Inoltre, Vincenzo Guggino mi ha spiegato al telefono che in Italia la censura non esiste, né per il cinema né per la pubblicità. Esisteva ai tempi della Sacis, forse, ma oggi se uno vuole uscire con una campagna esce. Se poi ha paura di essere bloccato perché il messaggio può dare fastidio a qualcuno, chiede un parere preventivo allo IAP, che come abbiamo visto ci mette poco a rispondere: massimo due o tre giorni.
E quindi abbiamo appurato che quella campagna non è stata censurata. Anche se qualcuno in Together ha parlato espressamente di censura.
Devo aggiungere una cosa in favore di Pasquale Diaferia. Forse lui dimostra troppa sicumera, ma è comprensibile che possa aver travisato, come me all’inizio d’altronde e chissà quanti altri, che fosse stato lo IAP a censurare la campagna.
Ecco infatti la definizione di ente per la Treccani.
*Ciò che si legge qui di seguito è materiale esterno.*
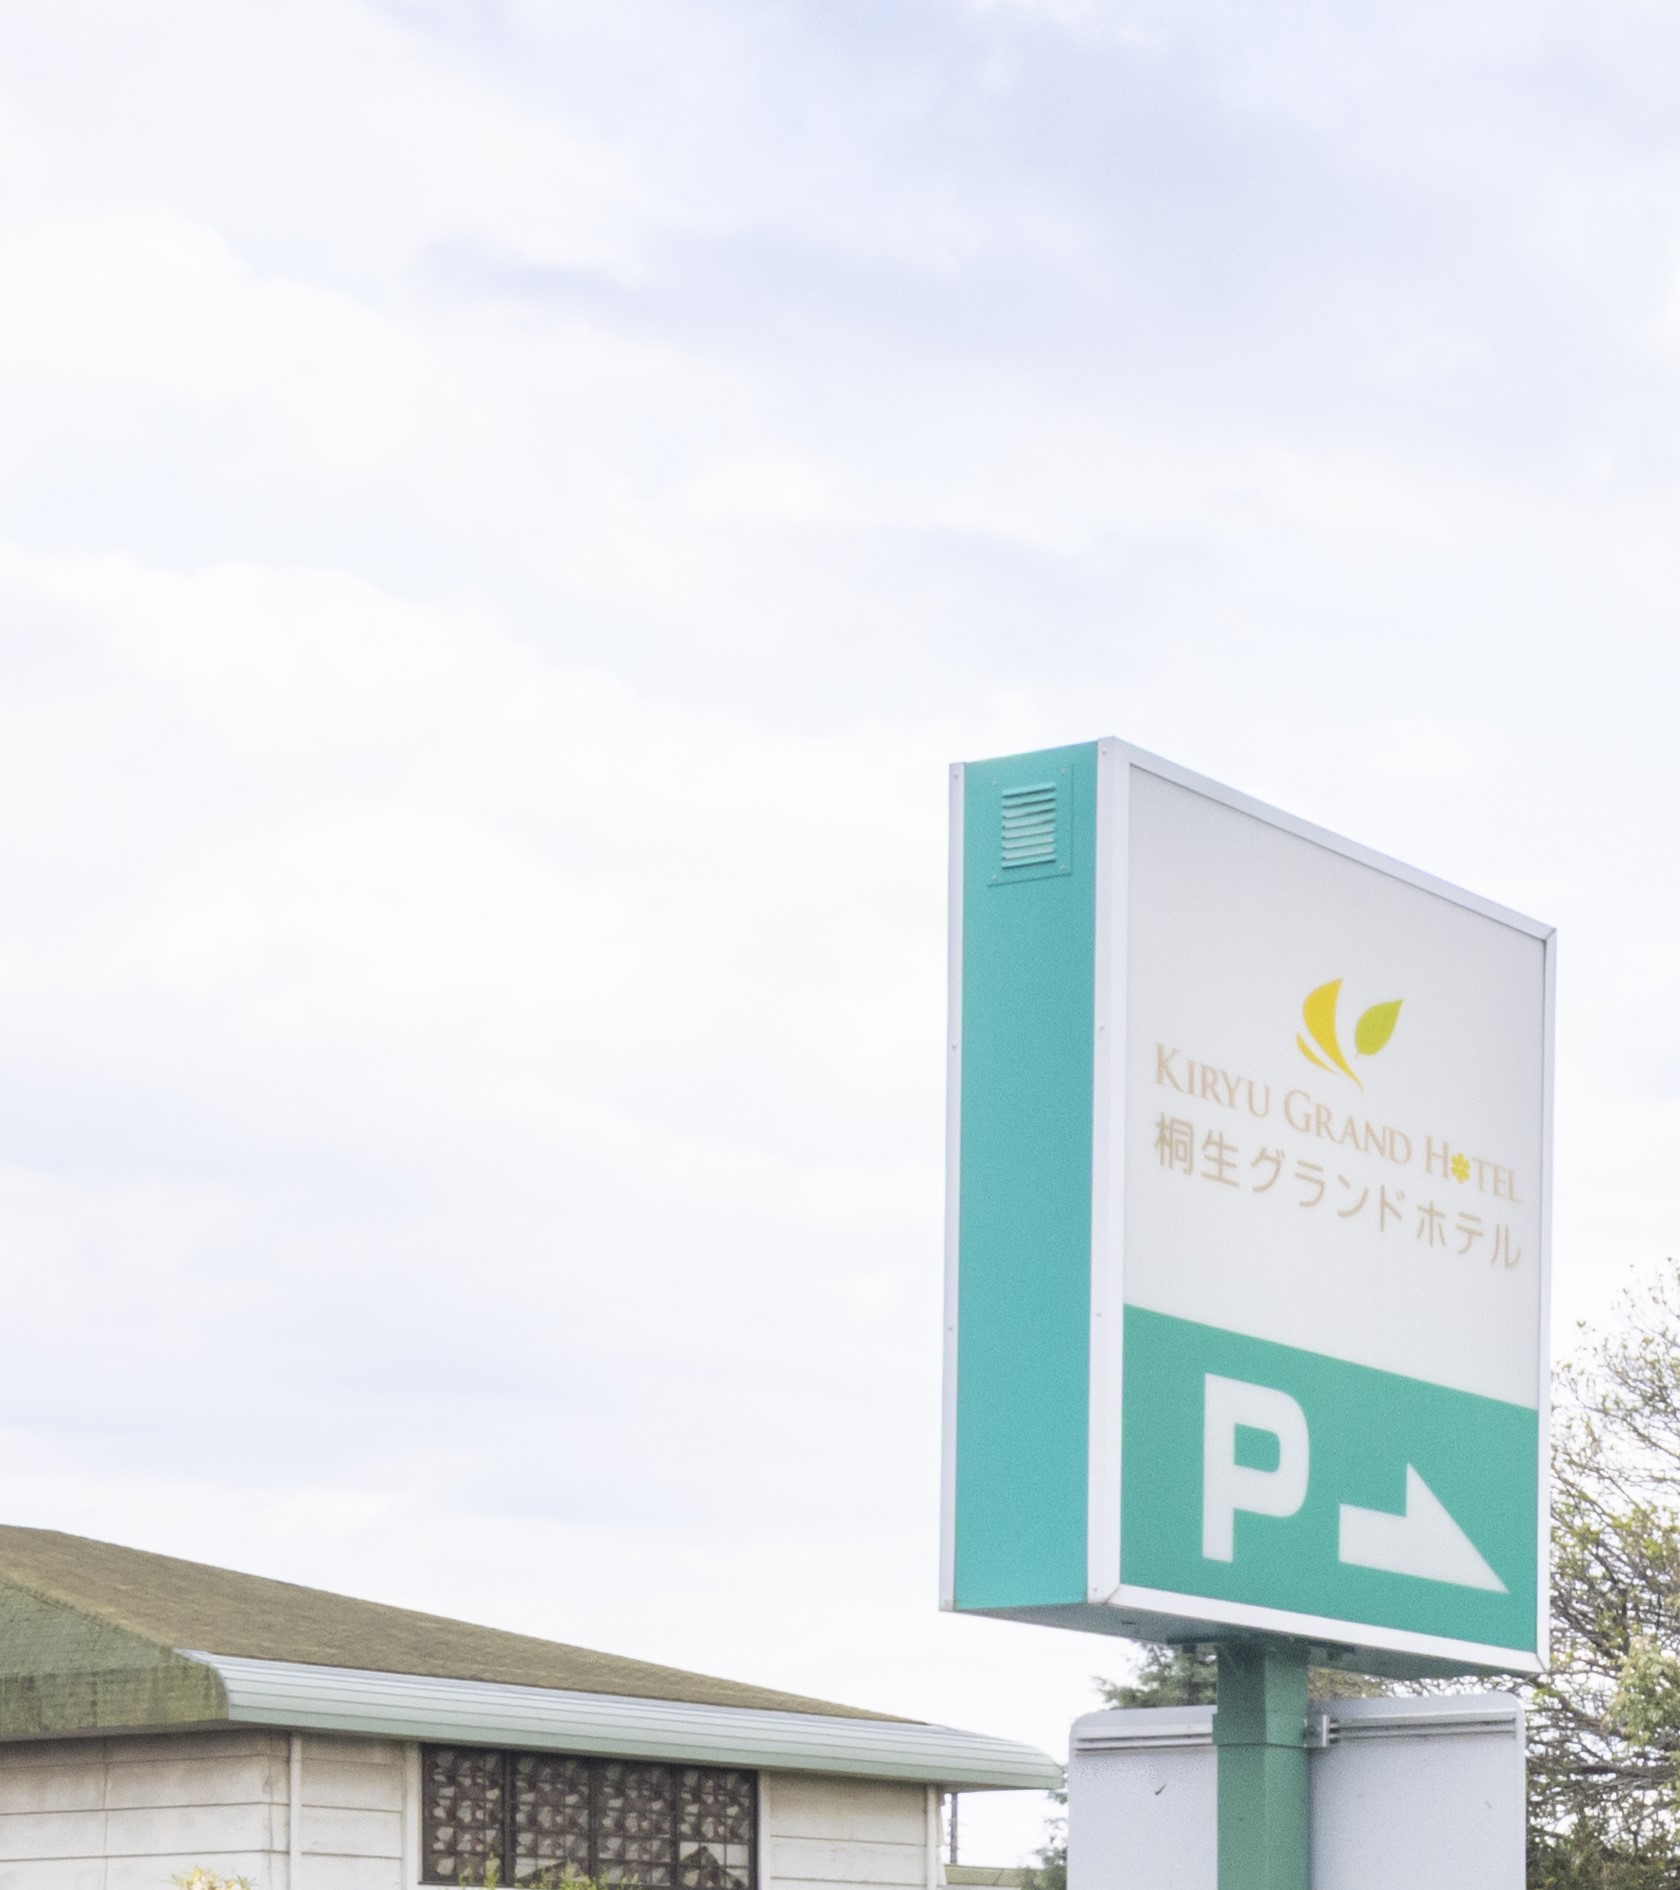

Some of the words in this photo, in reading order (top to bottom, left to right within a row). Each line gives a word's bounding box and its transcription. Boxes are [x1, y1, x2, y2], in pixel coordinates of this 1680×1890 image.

ente organizzazione dotata di personalità giuridica, che persegue interessi e scopi generalmente superiori ai singoli individui o gruppi: e. pubblici; e. morale] ≈ ⇓ fondazione, istituto, istituzione, organismo, organizzazione, organo, società.
E quindi se non è stata censurata, può forse essere stata bloccata da qualche “Ente Privato” come afferma la Marketing Manager di Control? Ma di quale Ente Privato stiamo parlando? L’Ente per la Promozione Turistica del Molise? L’Ente a Contatto? L’Enterogermina?
Per scoprirlo decido di scrivere su LinkedIn alle persone che nei giorni scorsi si sono dichiarate orgogliose della campagna: Fabio Padoan, Erika Mameli, Serena Mascia.
Non mi rispondono, ma martedì mattina mi telefona Fabio Padoan.
Dopo un paio di simpatici convenevoli del tipo “mi hanno detto che anche tu sei uno che va contro l’establishment” o “la gente dice che sei una persona ragionevole” (gente che evidentemente non mi conosce bene, perché io in realtà sono un ligure di m***a), Padoan mi assicura che la campagna è stata bloccata.
Gli rispondo: “ok, bene, basta che lo scrivi pubblicamente e mi dici chi l’ha bloccata”.
Da qui in poi i toni si fanno accesi: mi accusa di mancanza di fiducia, dice che ho pregiudizi sulla campagna, che taggo gli sconosciuti su LinkedIn, che loro usciranno con un comunicato ma che non vogliono dirmi né quando né dove perché io voglio solo farmi pubblicità al blog (semmai alla newsletter, dato che sul blog non scrivo praticamente più ndr.), che ho dato vita a una gogna mediatica nei loro confronti e che loro non hanno interesse che di questa vicenda si parli sui social…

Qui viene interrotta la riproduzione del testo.